Teenage boys will often become aggressive with their parents or peers, seem more agitated around the house, and get into more trouble at home, at school, or with the law. Teenage girls will sometimes become preoccupied with themes of death or dying, and become decreasing concerned about how they look.

Suicidal thoughts are common in depressed teens. Some studies suggest that 50,000 teens attempt suicide each year, and 5,000 are successful. That would be 10%. Other studies suggest that the number is 15% of depressed teens ending their life via suicide.

By the way, another study notes that of all the teenagers that commit suicide each year, only seven percent were receiving mental health treatment at the time of their death, and 93% were not receiving any treatment for depression.

Poor self-esteem is common with teenagers, but especially with those who are depressed, and there is often an increase in “self-destructive behaviors” such as alcohol abuse, drug abuse, and sexual promiscuity.

Parents are often confused and frustrated when their teens begin to act like this. Sometimes parents become stern disciplinarians, or even put the teen down, which only serves to increase feelings of guilt and depression. Other times, parents feel helpless, and stand by waiting for adulthood to arrive. Of course neither course is the best one to take.

And even with only a small percentage of teens with ADHD or depression receiving treatment, the use of ADHD medicines prescribed to girls was up by nearly 75%, and the use of antidepressant medications was up by nearly 10% in girls from 2001 to 2006.

To add to this drama, no doubt you've seen recent news headlines about a federal panel that recommended to the FDA that anti-depressant medications carry the strongest possible warning label for use in children and teenagers. This recommendation to the FDA shook the medical community, especially those who work with depressed young people, and now the FDA mandates that antidepressants used to treat adolescent depression carry the dreaded “black box” warning label.

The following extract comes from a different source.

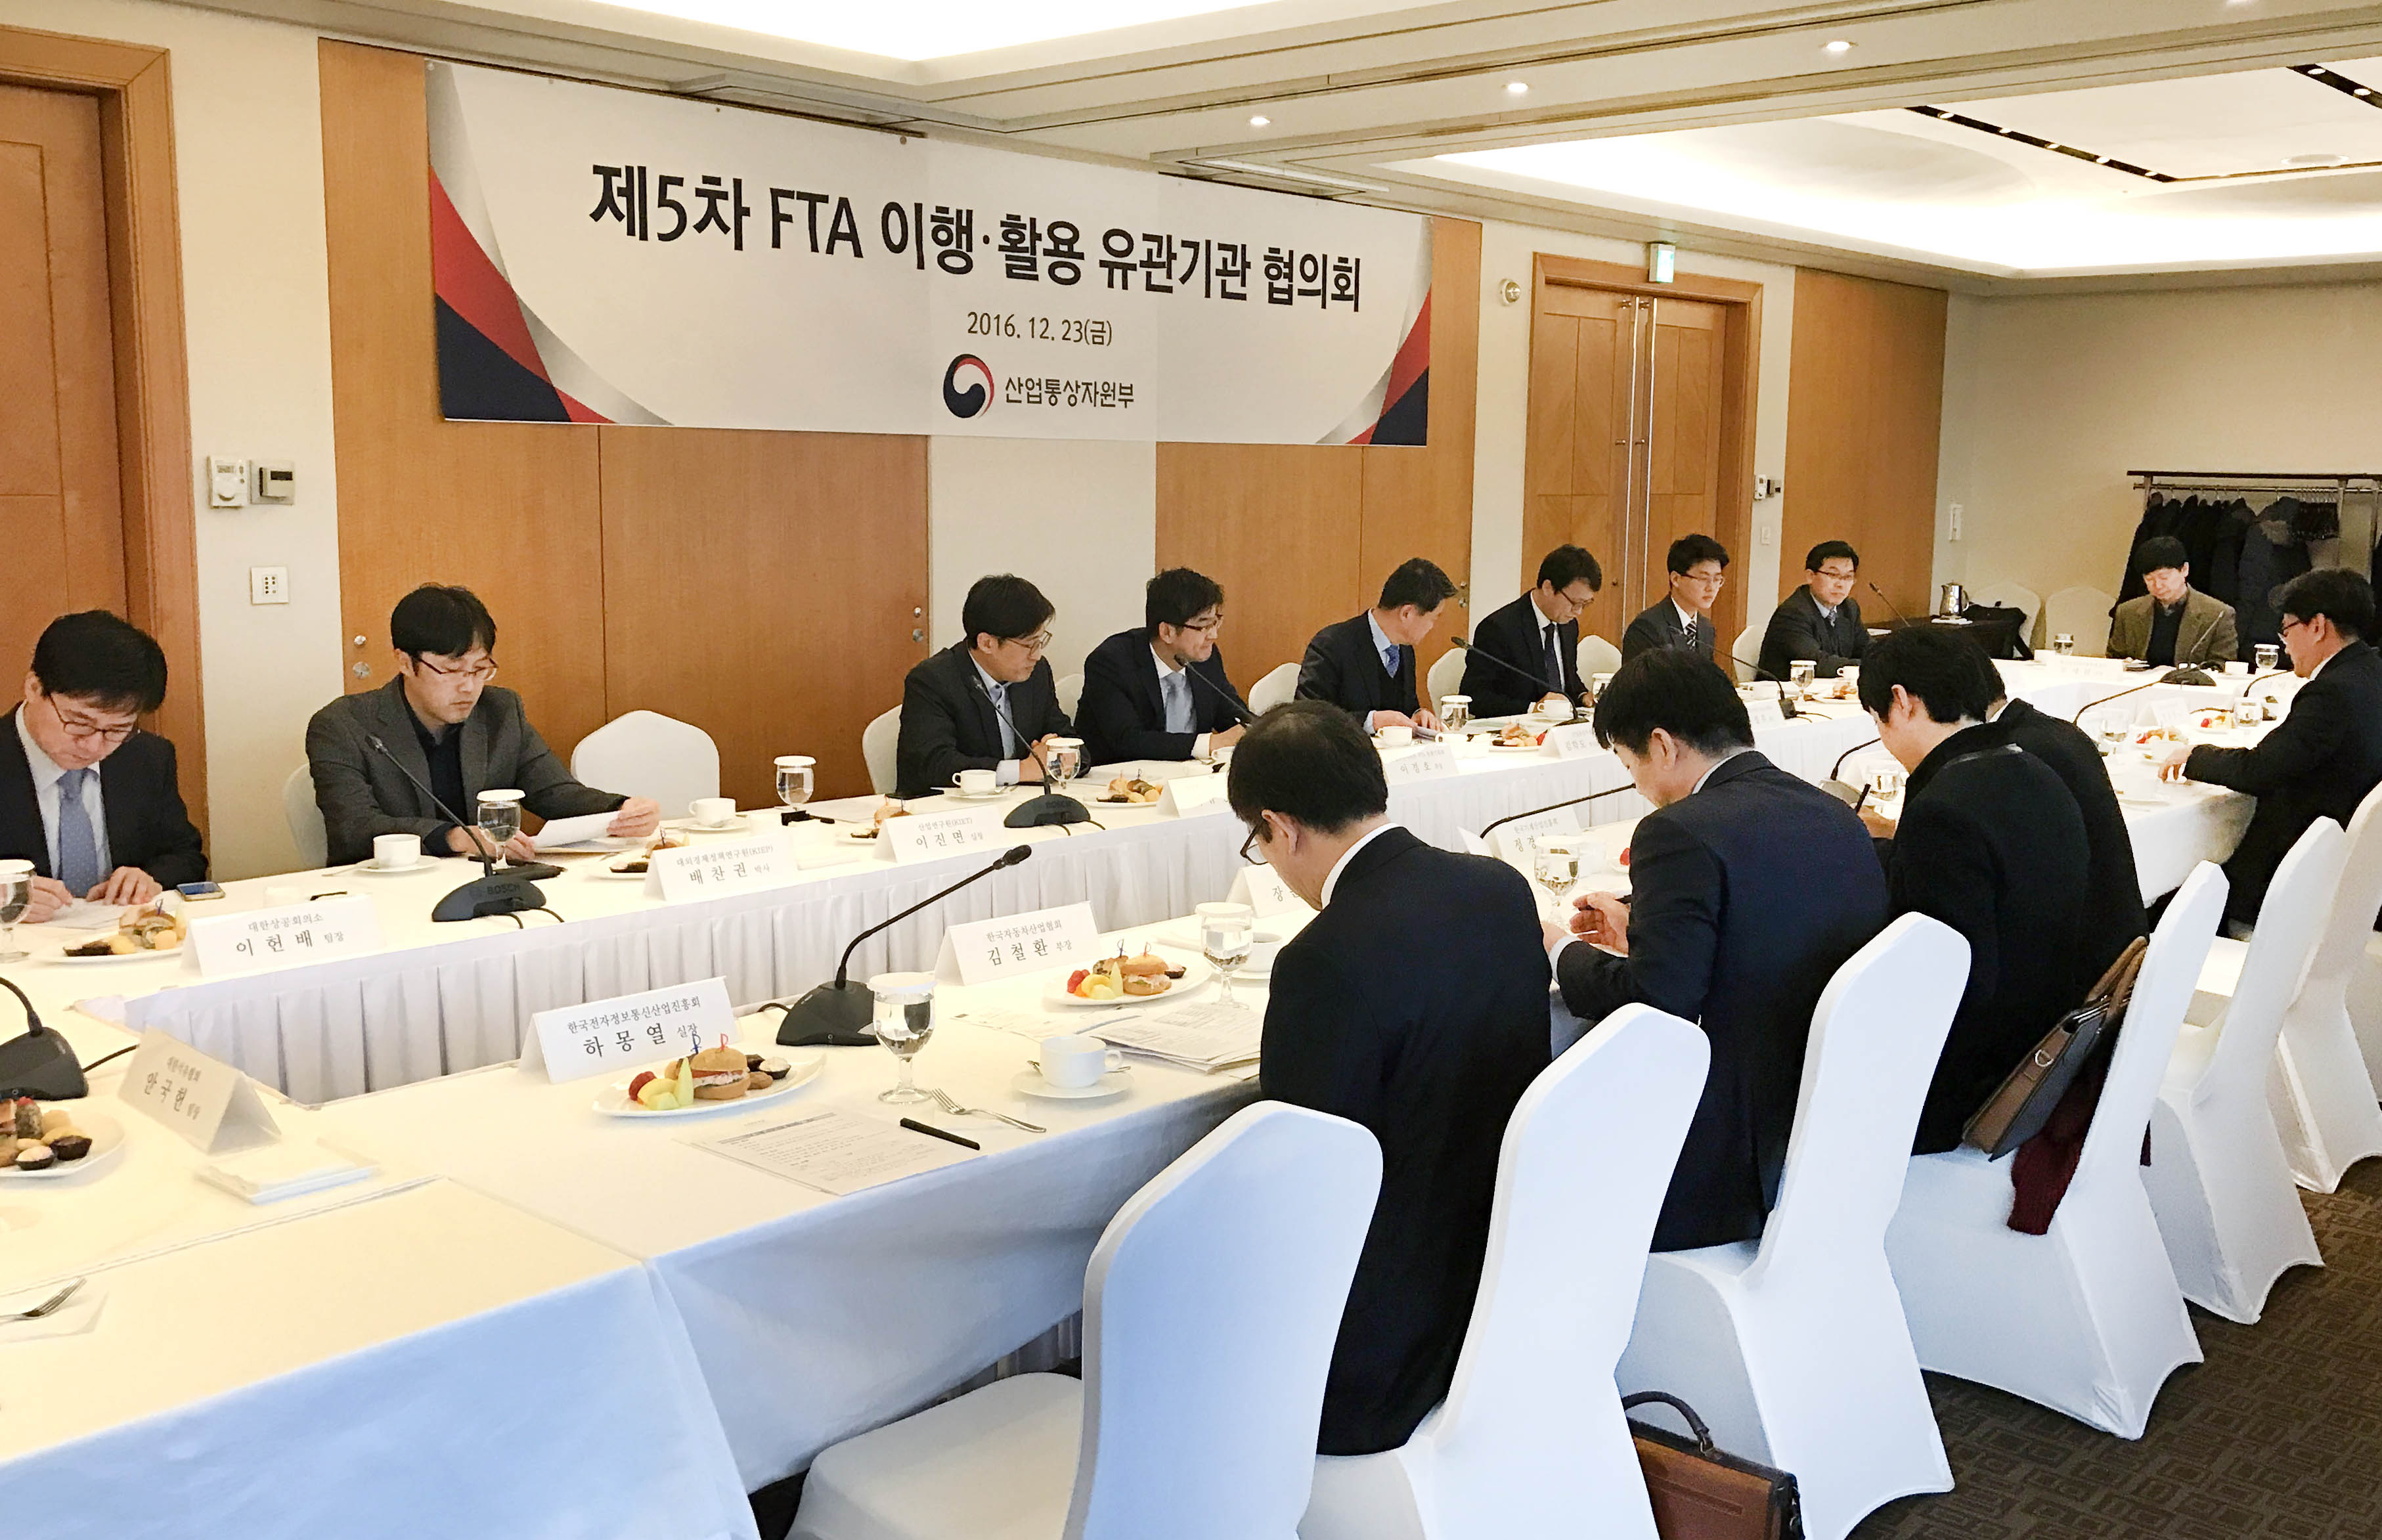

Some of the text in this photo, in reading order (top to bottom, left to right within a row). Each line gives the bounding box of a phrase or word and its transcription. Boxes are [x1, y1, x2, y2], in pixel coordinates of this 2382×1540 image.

What the media did not report well is the fact that 10% to 15% of children and teens with depression who receive no treatment will commit suicide. These 10% to 15% will not just think about it, but will actually kill themselves.

So what are we to do? If the media had their way it seems that no teens with depression would receive anti-depressants. As a result the suicide rate for those who could be using the medication would rise from just above zero percent to about fifteen percent, which is the suicide rate for depressed teens who are untreated. And, yes, while there actually are young people, and adults, who have become suicidal only after beginning treatment with an anti-depressant, remember that they were likely suffering from depression already, or else they wouldn't have been treated with anti-depressants.

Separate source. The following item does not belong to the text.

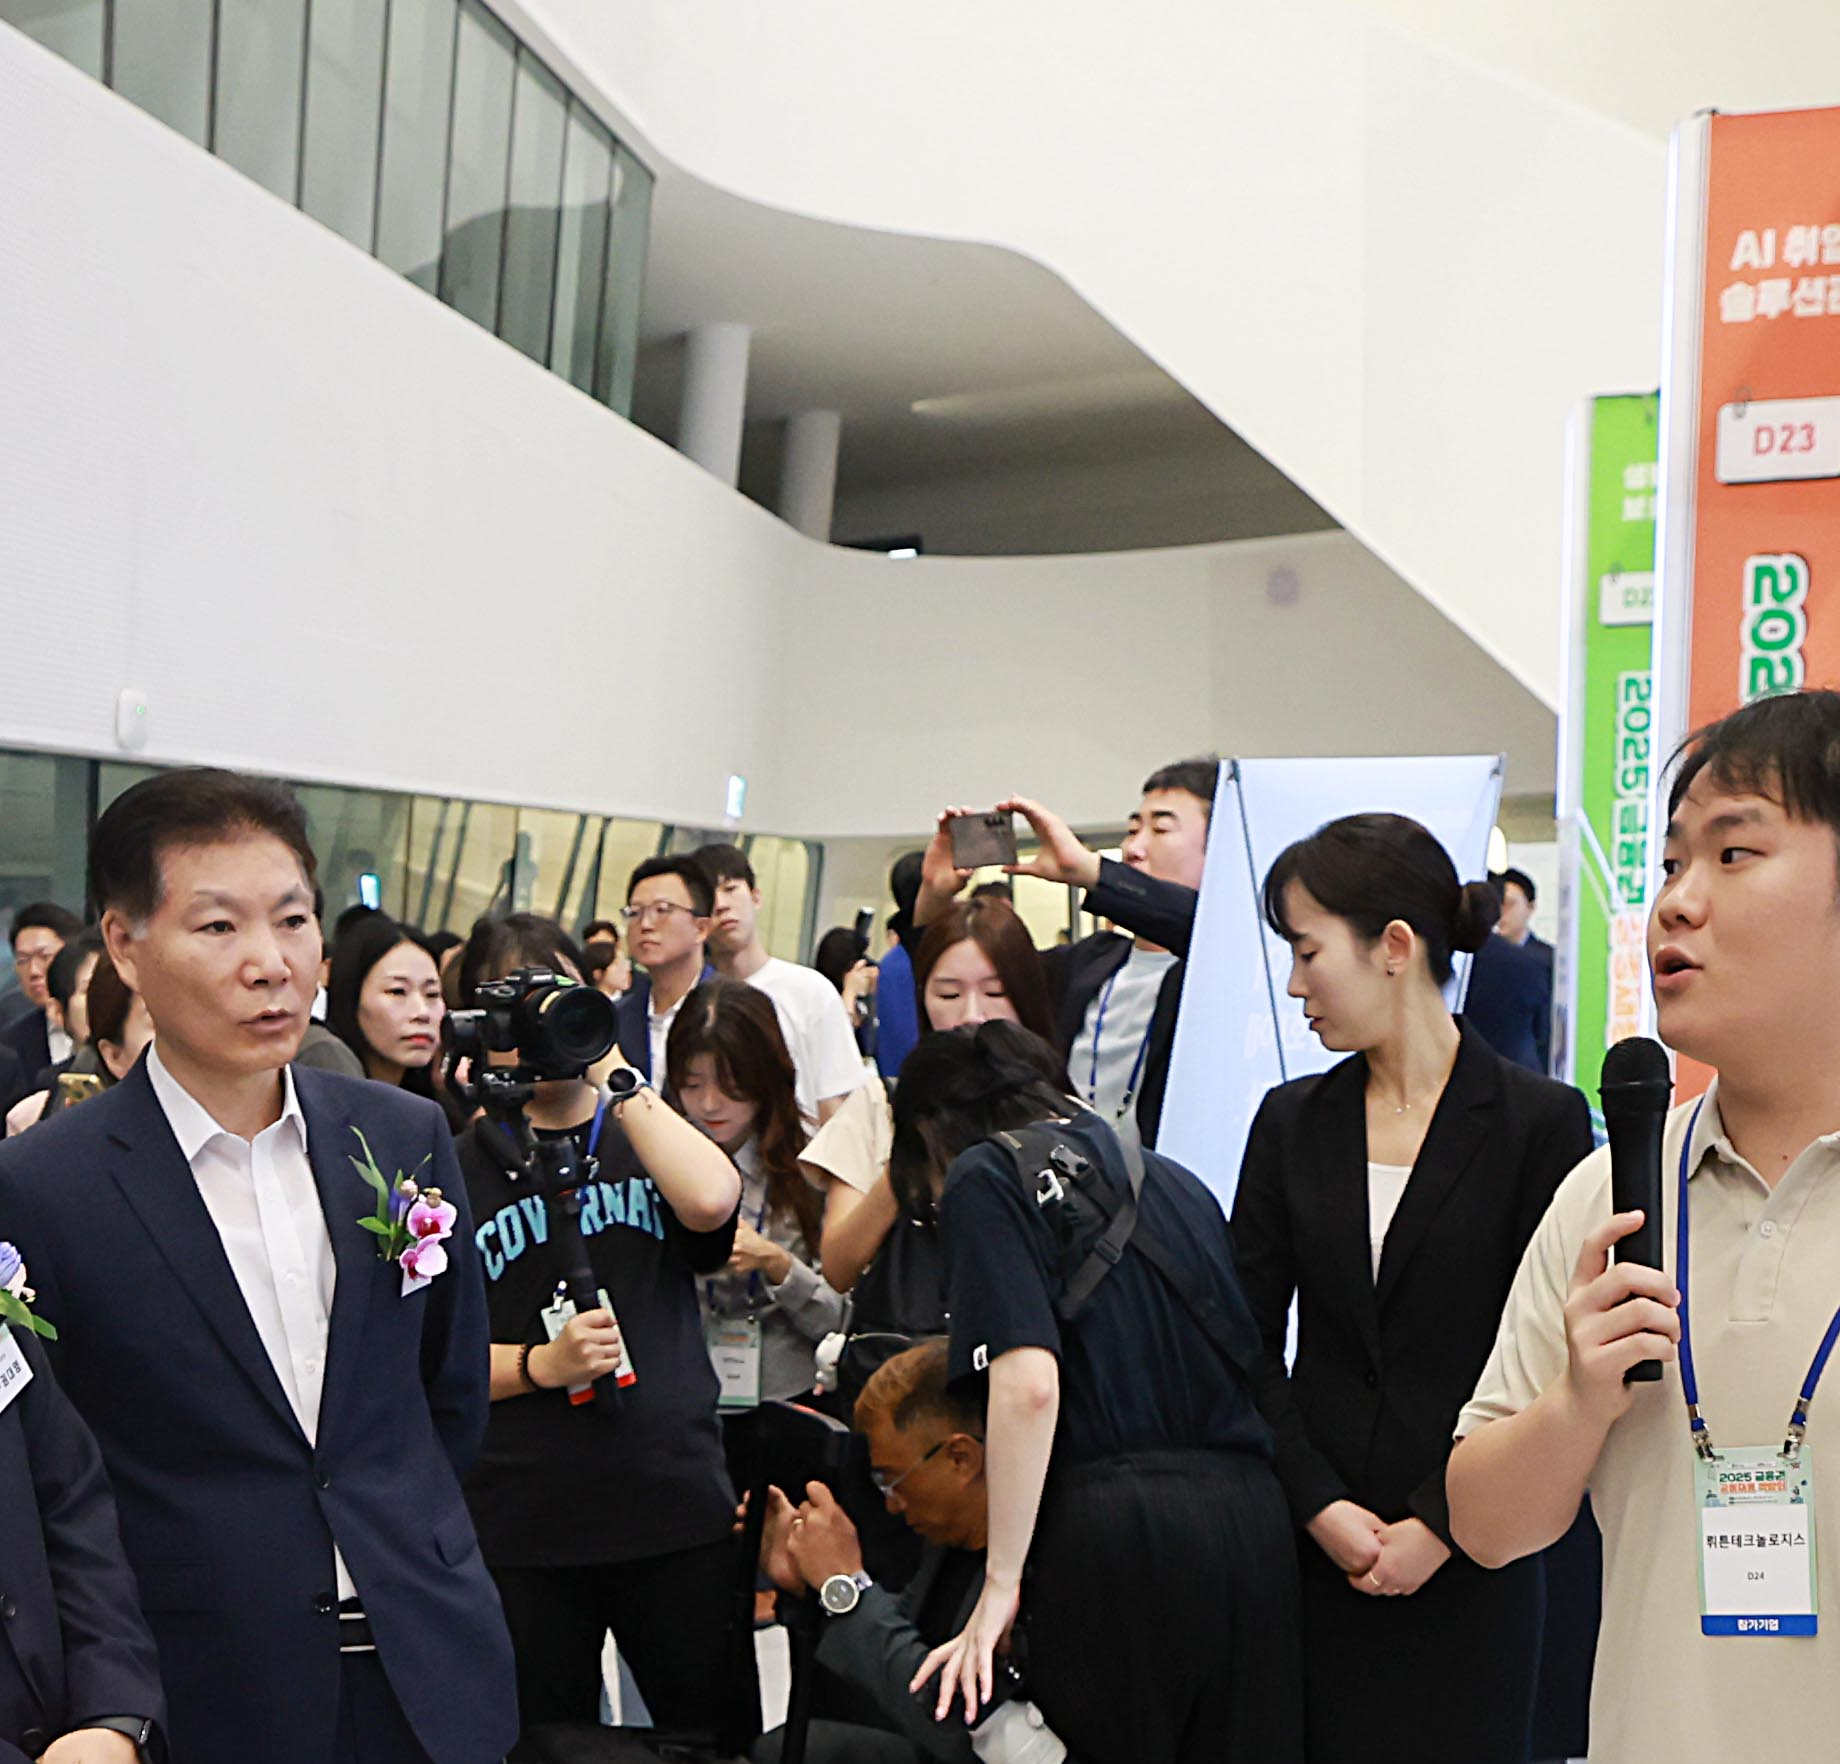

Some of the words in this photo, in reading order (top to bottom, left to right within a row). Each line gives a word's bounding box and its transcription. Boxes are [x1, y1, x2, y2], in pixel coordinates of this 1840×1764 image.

And it is sadly true that some have in fact gone on to take their own lives after begining anti-depressant medications, which is absolutely tragic and heart-breaking. But so is the fact that untreated depression is very risky and potentially fatal. As many as fifteen out of one hundred young people with depression take their own lives unless they receive treatment. These young people should be allowed to receive a treatment that will lower the suicide rate dramatically, and without any stigma attached to it by the media.

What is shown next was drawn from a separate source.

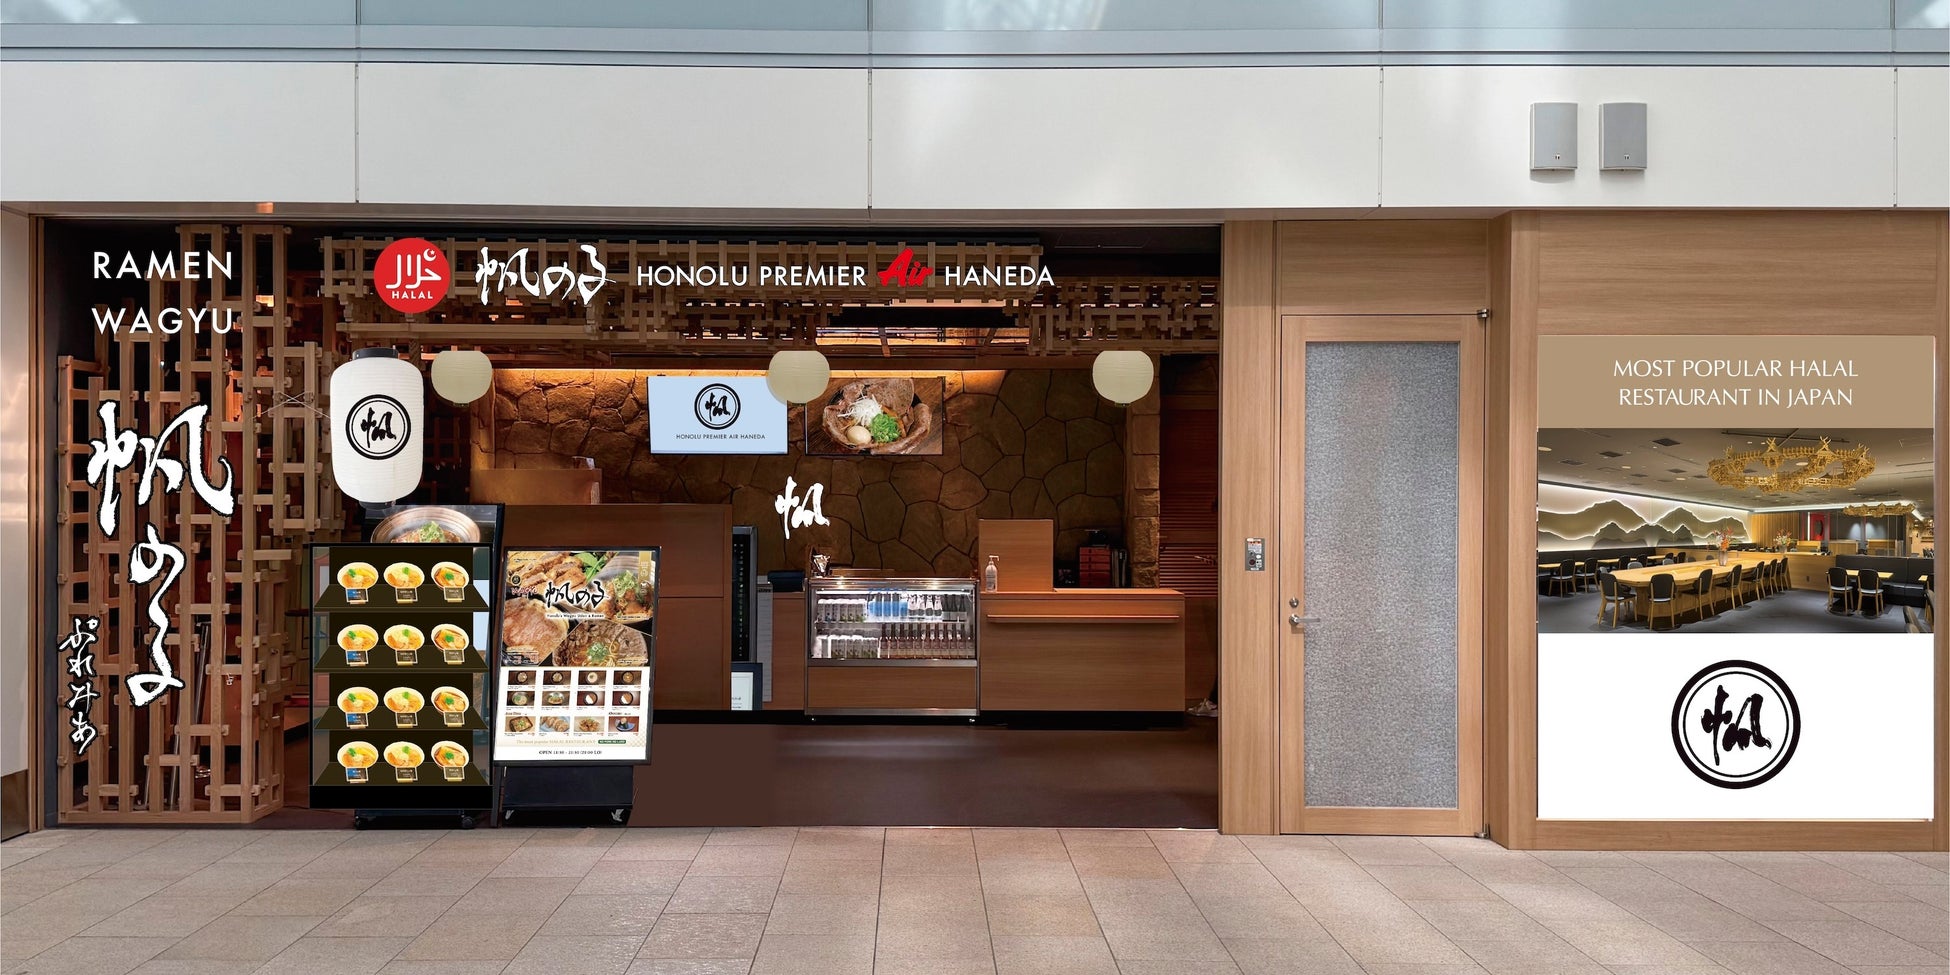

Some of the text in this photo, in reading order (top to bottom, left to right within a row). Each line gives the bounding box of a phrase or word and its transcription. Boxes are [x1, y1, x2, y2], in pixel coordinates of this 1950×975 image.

With proper diagnosis and treatment a depressed teen, or adult, can be greatly helped. If someone close to you is suffering from depression, first please understand that depression is a very emotionally painful condition. Please take the situation seriously. If you know of a teen whose behaviors have changed and look like all that we have been discussing, let the parents know that there is help available, and encourage the family to seek help from a professional. Teenagers and Depression.